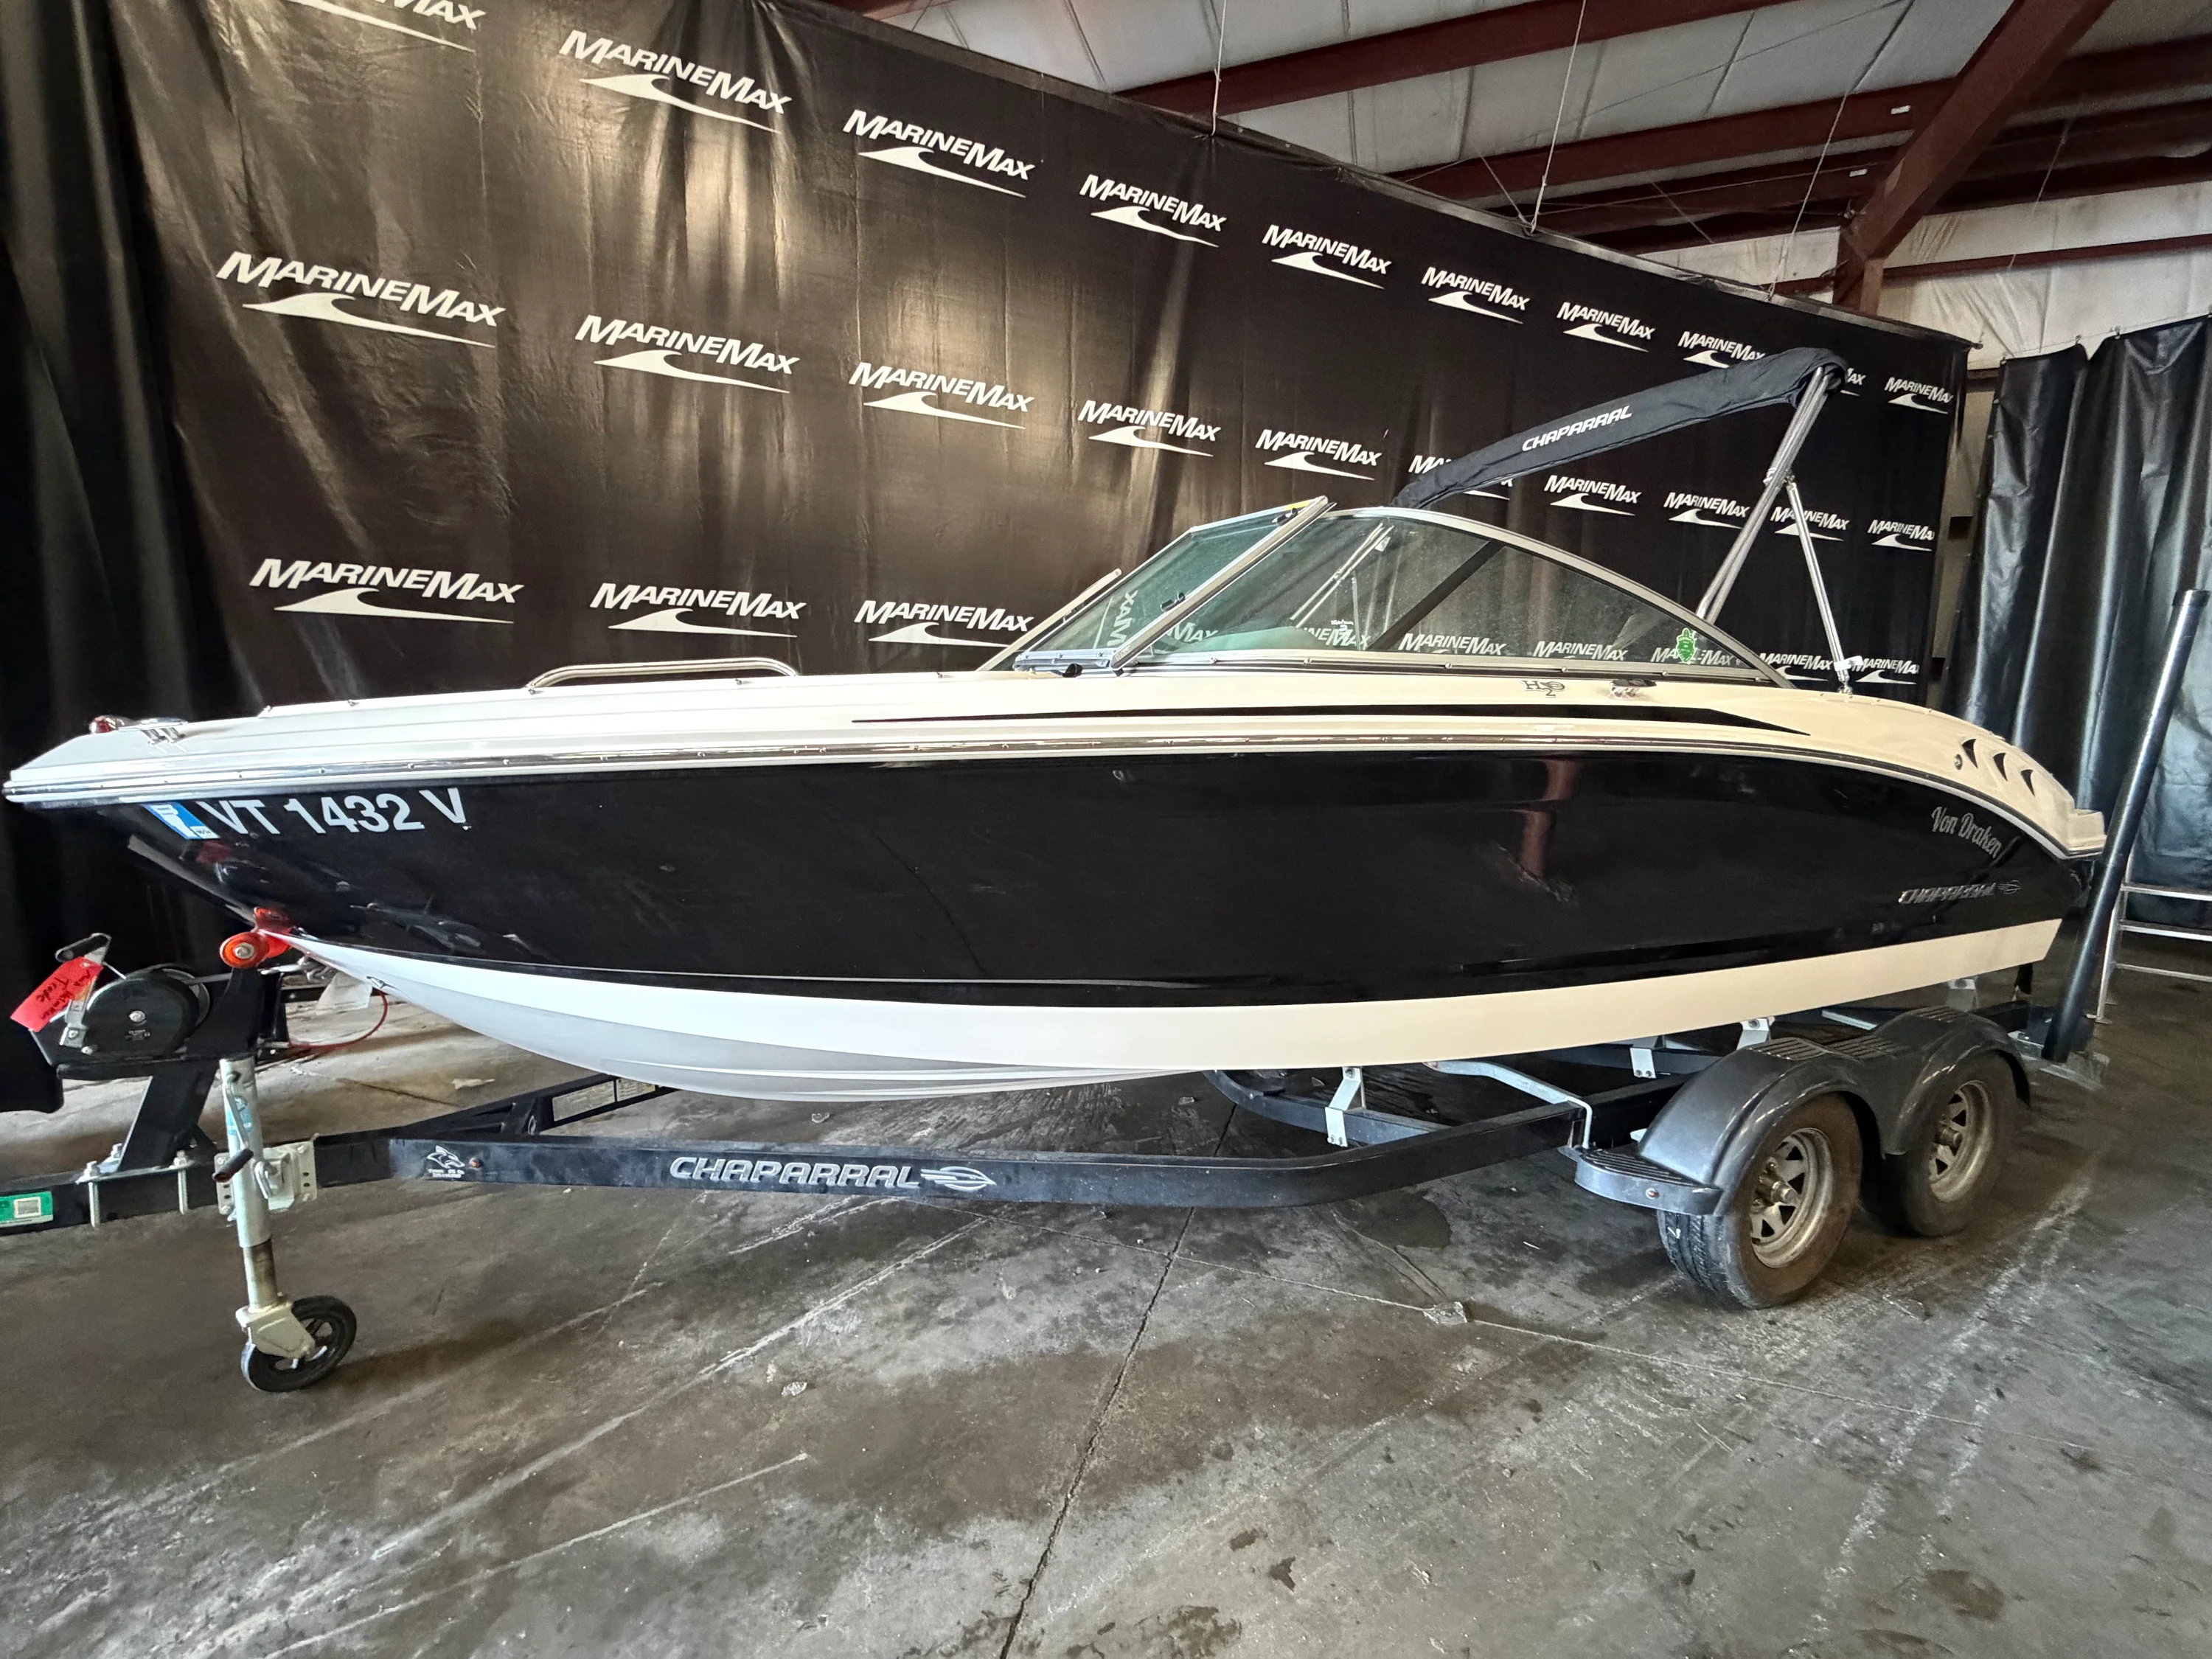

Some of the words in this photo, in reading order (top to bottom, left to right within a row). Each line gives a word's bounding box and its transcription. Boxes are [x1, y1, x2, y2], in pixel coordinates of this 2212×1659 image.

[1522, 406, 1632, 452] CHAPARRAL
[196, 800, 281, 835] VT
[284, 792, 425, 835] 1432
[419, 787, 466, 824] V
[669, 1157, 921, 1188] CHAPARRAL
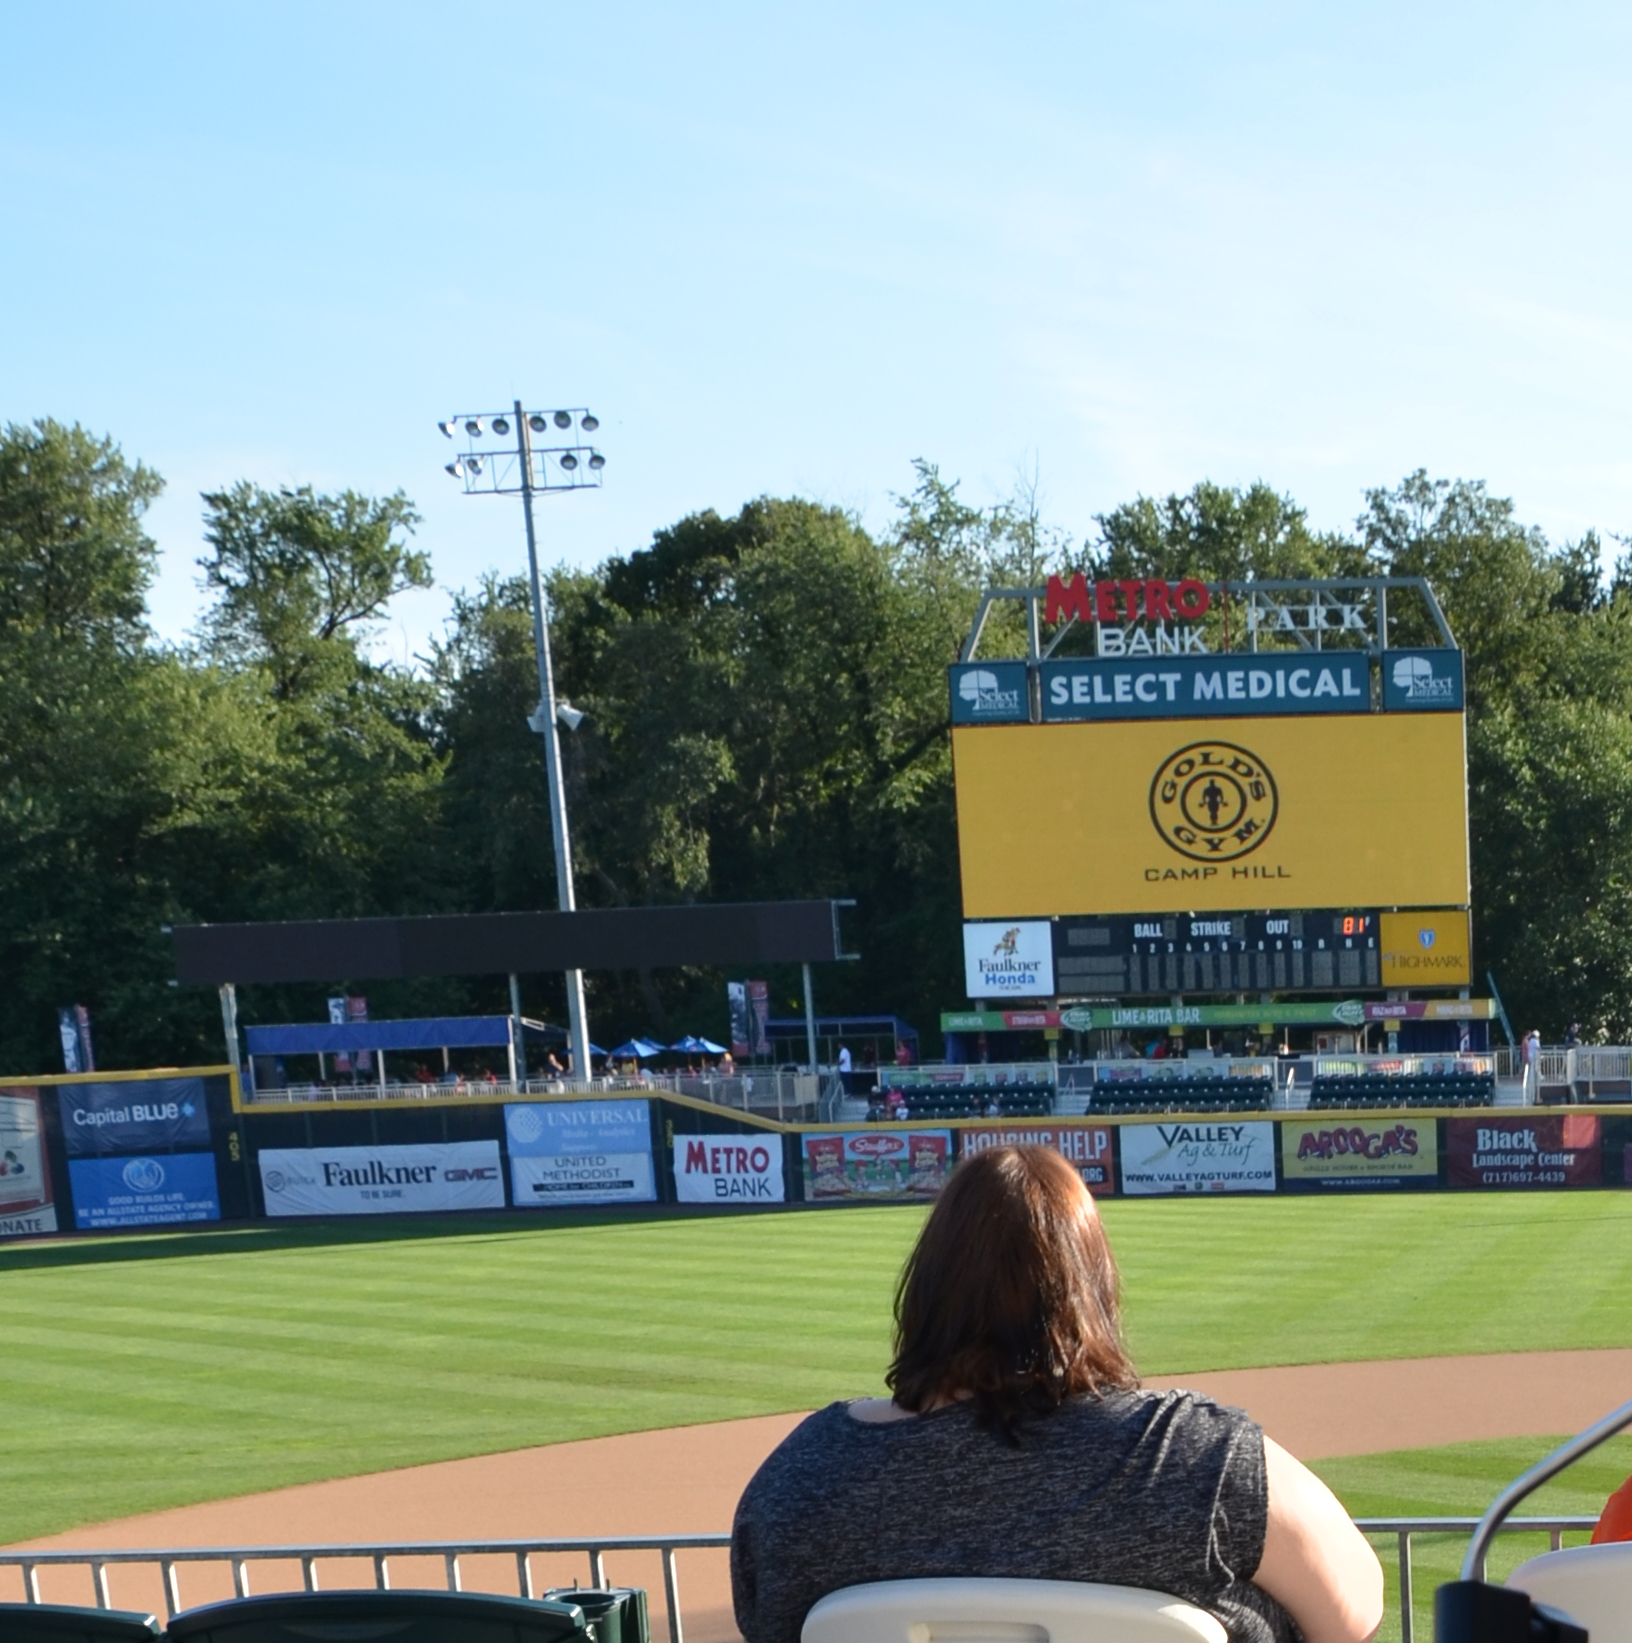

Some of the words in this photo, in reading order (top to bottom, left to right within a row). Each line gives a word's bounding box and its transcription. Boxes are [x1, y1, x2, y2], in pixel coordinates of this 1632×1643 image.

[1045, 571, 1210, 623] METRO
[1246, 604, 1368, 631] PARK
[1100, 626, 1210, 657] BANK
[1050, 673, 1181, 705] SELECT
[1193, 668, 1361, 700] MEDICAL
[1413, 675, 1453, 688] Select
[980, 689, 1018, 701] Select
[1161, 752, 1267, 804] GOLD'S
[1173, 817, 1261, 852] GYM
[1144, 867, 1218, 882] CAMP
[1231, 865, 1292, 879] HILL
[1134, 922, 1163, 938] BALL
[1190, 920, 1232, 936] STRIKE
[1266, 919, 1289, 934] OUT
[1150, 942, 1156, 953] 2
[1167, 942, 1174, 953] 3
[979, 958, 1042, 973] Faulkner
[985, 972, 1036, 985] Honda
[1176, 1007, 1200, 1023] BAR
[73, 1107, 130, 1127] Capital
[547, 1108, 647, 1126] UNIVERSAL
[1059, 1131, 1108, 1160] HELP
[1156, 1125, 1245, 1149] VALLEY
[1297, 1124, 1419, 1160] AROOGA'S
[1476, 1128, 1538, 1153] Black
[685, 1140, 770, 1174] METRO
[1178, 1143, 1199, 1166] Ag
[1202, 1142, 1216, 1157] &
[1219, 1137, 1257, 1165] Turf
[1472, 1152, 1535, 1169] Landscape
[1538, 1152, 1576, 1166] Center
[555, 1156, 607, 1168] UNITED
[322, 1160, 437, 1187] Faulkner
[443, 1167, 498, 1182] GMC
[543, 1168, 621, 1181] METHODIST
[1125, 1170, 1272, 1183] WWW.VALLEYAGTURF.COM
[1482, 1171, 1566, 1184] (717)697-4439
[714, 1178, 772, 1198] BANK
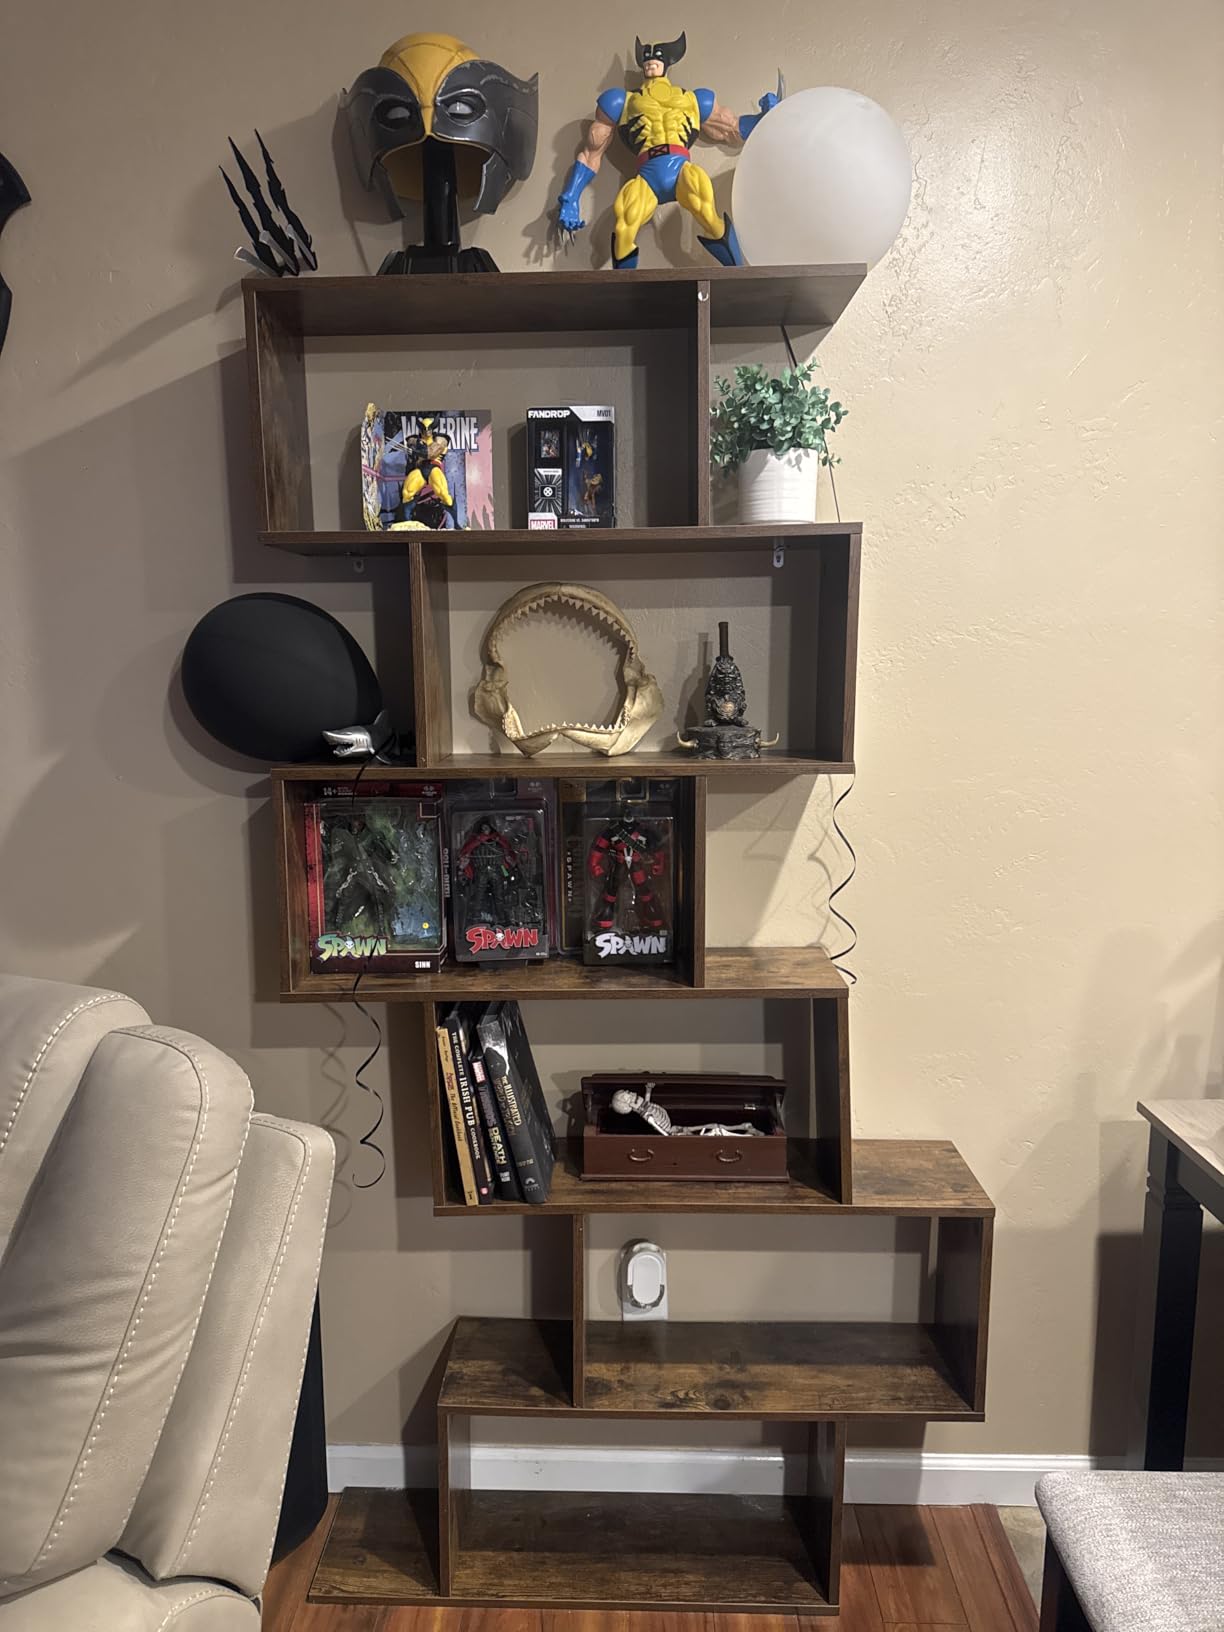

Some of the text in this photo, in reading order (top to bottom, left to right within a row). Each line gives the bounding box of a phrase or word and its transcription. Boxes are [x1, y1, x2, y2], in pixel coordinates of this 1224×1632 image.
==================================================
**TASK OBJECTIVE:** The output should consist of every entry above, printed exactly, with the images removed.

**RESPONSE BELOW:**
Some of the words in this photo, in reading order (top to bottom, left to right within a row). Each line gives a word's bounding box and its transcription. Boxes are [x1, y1, x2, y2], in pixel coordinates of this 2212×1659 image.

[1522, 406, 1632, 452] CHAPARRAL
[196, 800, 281, 835] VT
[284, 792, 425, 835] 1432
[419, 787, 466, 824] V
[669, 1157, 921, 1188] CHAPARRAL

Some of the words in this photo, in reading order (top to bottom, left to right within a row). Each line gives a word's bounding box and its transcription. Boxes are [x1, y1, x2, y2], in pixel coordinates of this 1632×1643 image.

[1045, 571, 1210, 623] METRO
[1246, 604, 1368, 631] PARK
[1100, 626, 1210, 657] BANK
[1050, 673, 1181, 705] SELECT
[1193, 668, 1361, 700] MEDICAL
[1413, 675, 1453, 688] Select
[980, 689, 1018, 701] Select
[1161, 752, 1267, 804] GOLD'S
[1173, 817, 1261, 852] GYM
[1144, 867, 1218, 882] CAMP
[1231, 865, 1292, 879] HILL
[1134, 922, 1163, 938] BALL
[1190, 920, 1232, 936] STRIKE
[1266, 919, 1289, 934] OUT
[1150, 942, 1156, 953] 2
[1167, 942, 1174, 953] 3
[979, 958, 1042, 973] Faulkner
[985, 972, 1036, 985] Honda
[1176, 1007, 1200, 1023] BAR
[73, 1107, 130, 1127] Capital
[547, 1108, 647, 1126] UNIVERSAL
[1059, 1131, 1108, 1160] HELP
[1156, 1125, 1245, 1149] VALLEY
[1297, 1124, 1419, 1160] AROOGA'S
[1476, 1128, 1538, 1153] Black
[685, 1140, 770, 1174] METRO
[1178, 1143, 1199, 1166] Ag
[1202, 1142, 1216, 1157] &
[1219, 1137, 1257, 1165] Turf
[1472, 1152, 1535, 1169] Landscape
[1538, 1152, 1576, 1166] Center
[555, 1156, 607, 1168] UNITED
[322, 1160, 437, 1187] Faulkner
[443, 1167, 498, 1182] GMC
[543, 1168, 621, 1181] METHODIST
[1125, 1170, 1272, 1183] WWW.VALLEYAGTURF.COM
[1482, 1171, 1566, 1184] (717)697-4439
[714, 1178, 772, 1198] BANK

Some of the text in this photo, in reading order (top to bottom, left to right within a row). Each line gives the bounding box of a phrase or word and its transcription. Boxes are [x1, y1, x2, y2], in pixel coordinates of this 1224×1632 image.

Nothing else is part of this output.